PROBLEM STATEMENT: Print the line containing "Some of the text" and every line after it exactly as written, through the end of the records.

PROVIDED RECORDS:

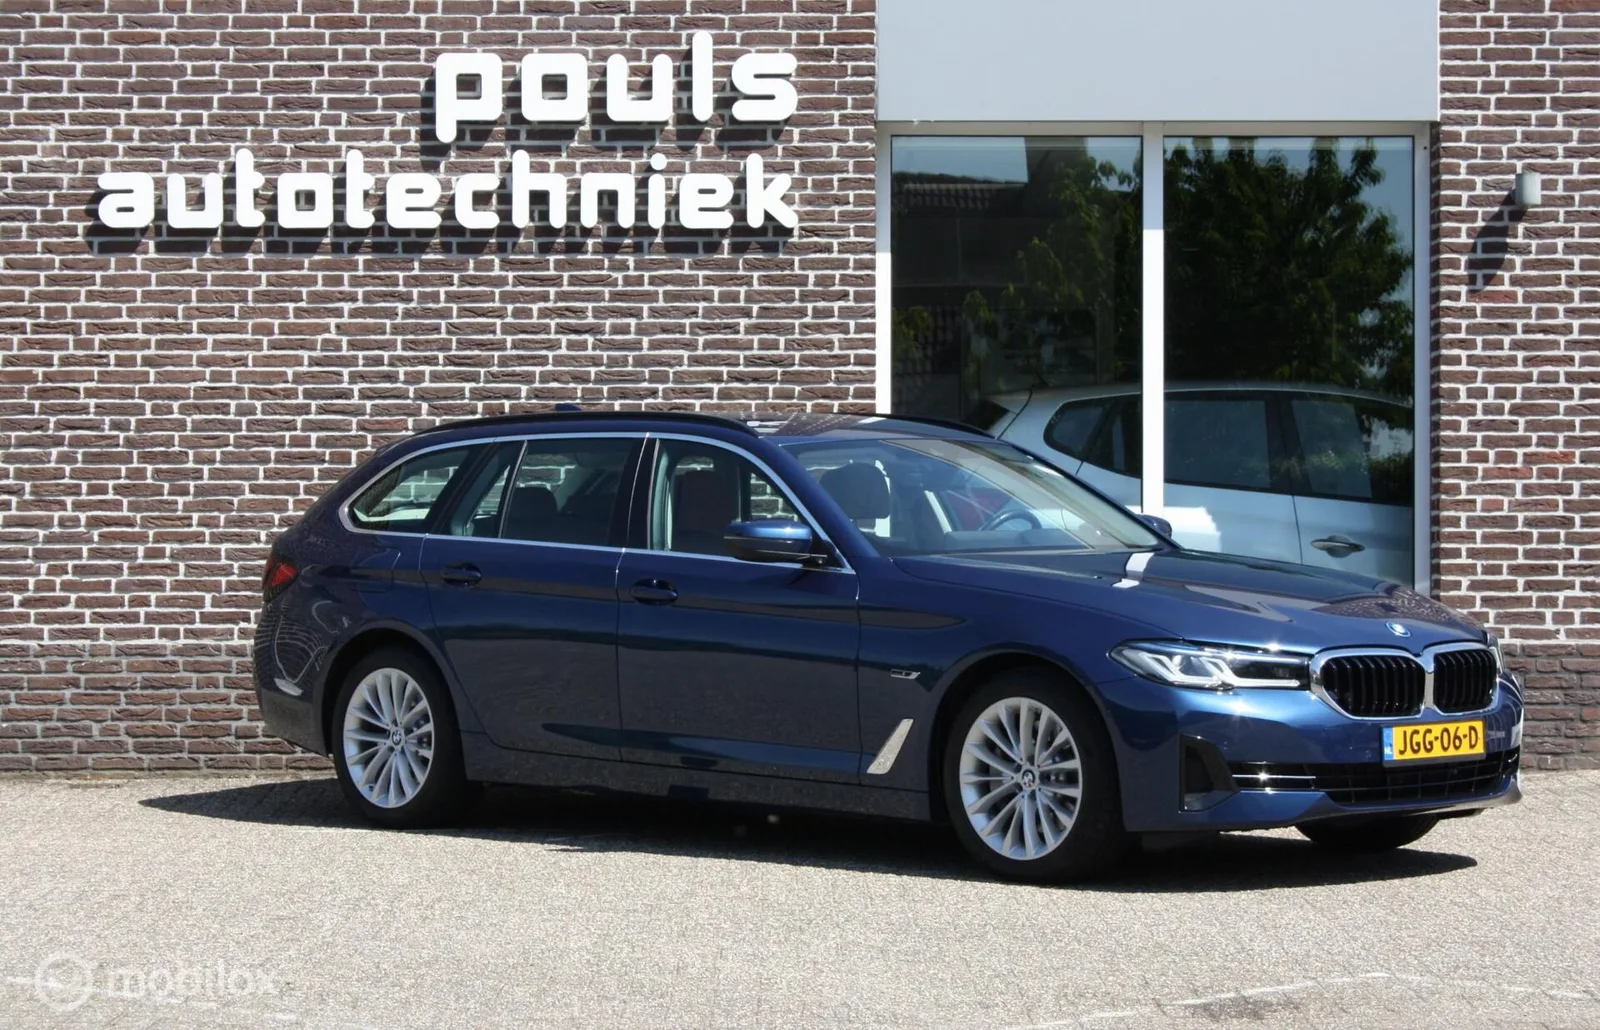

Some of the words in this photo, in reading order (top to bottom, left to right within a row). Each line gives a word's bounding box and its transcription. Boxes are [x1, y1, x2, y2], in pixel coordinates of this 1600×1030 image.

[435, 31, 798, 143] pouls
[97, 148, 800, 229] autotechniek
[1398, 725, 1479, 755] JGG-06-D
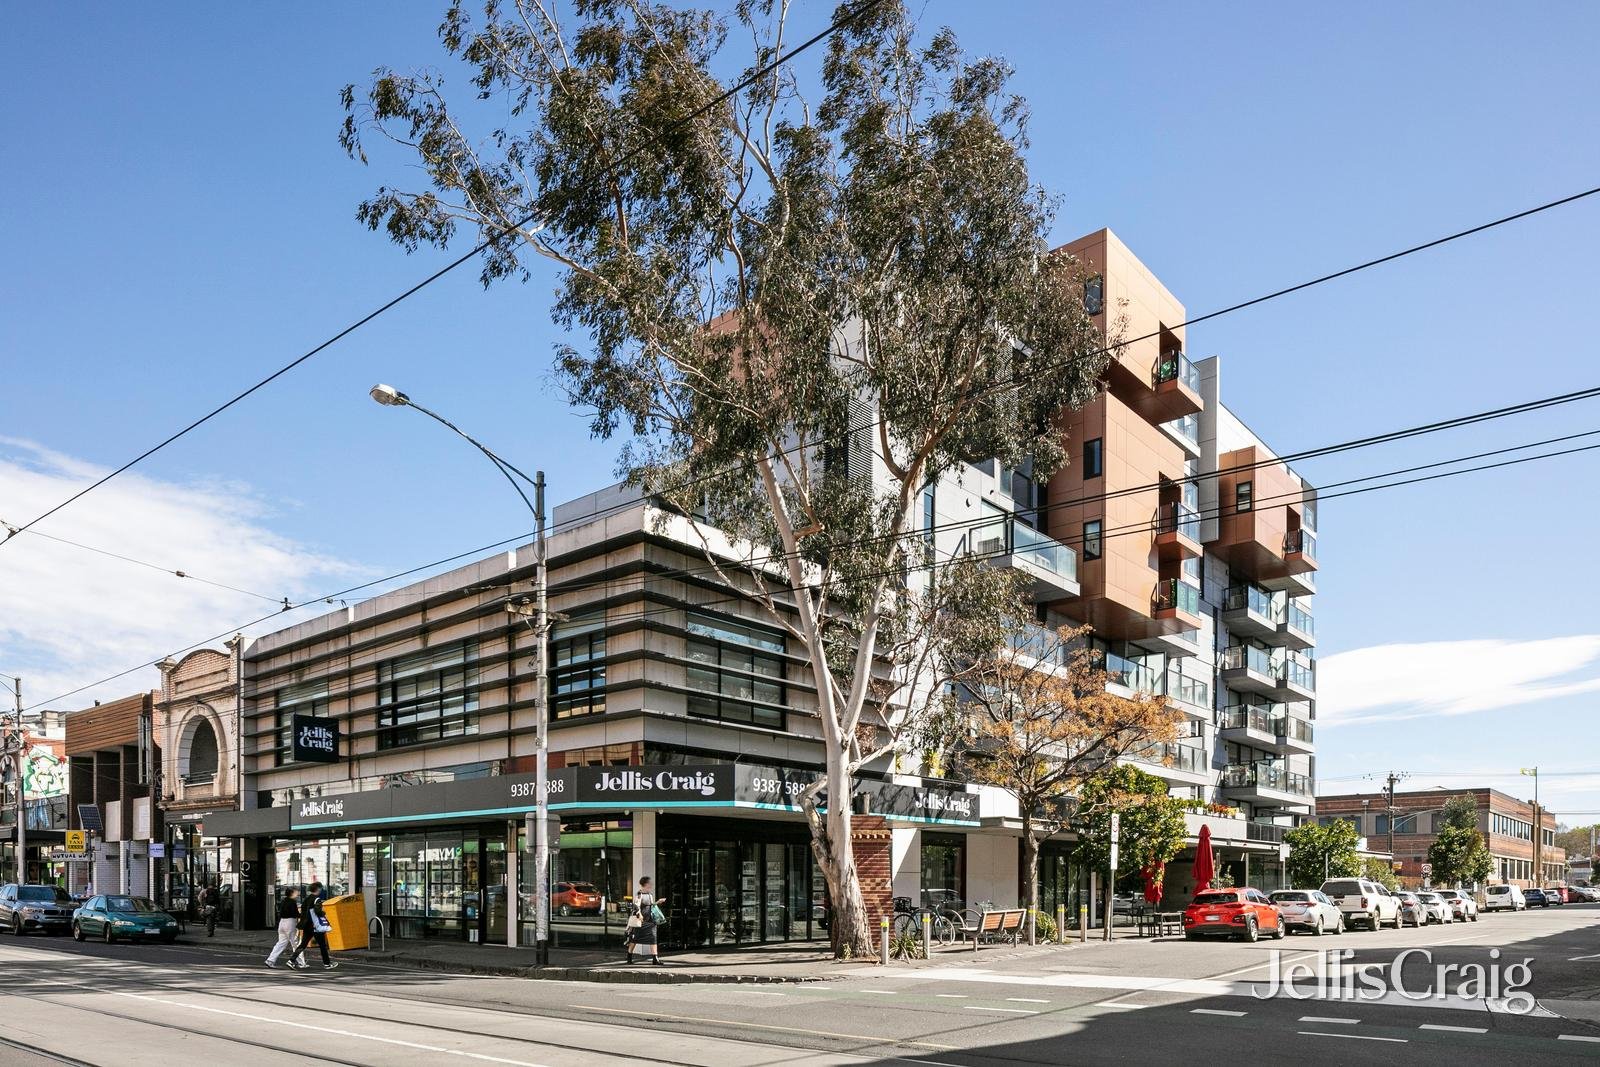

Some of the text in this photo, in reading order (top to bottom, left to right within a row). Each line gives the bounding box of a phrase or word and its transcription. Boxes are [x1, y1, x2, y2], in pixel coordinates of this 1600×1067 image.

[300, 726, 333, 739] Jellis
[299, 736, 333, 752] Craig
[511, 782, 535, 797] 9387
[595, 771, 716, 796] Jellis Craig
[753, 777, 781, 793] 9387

RESULT OF THE TASK:
Some of the text in this photo, in reading order (top to bottom, left to right within a row). Each line gives the bounding box of a phrase or word and its transcription. Boxes are [x1, y1, x2, y2], in pixel coordinates of this 1600×1067 image.

[300, 726, 333, 739] Jellis
[299, 736, 333, 752] Craig
[511, 782, 535, 797] 9387
[595, 771, 716, 796] Jellis Craig
[753, 777, 781, 793] 9387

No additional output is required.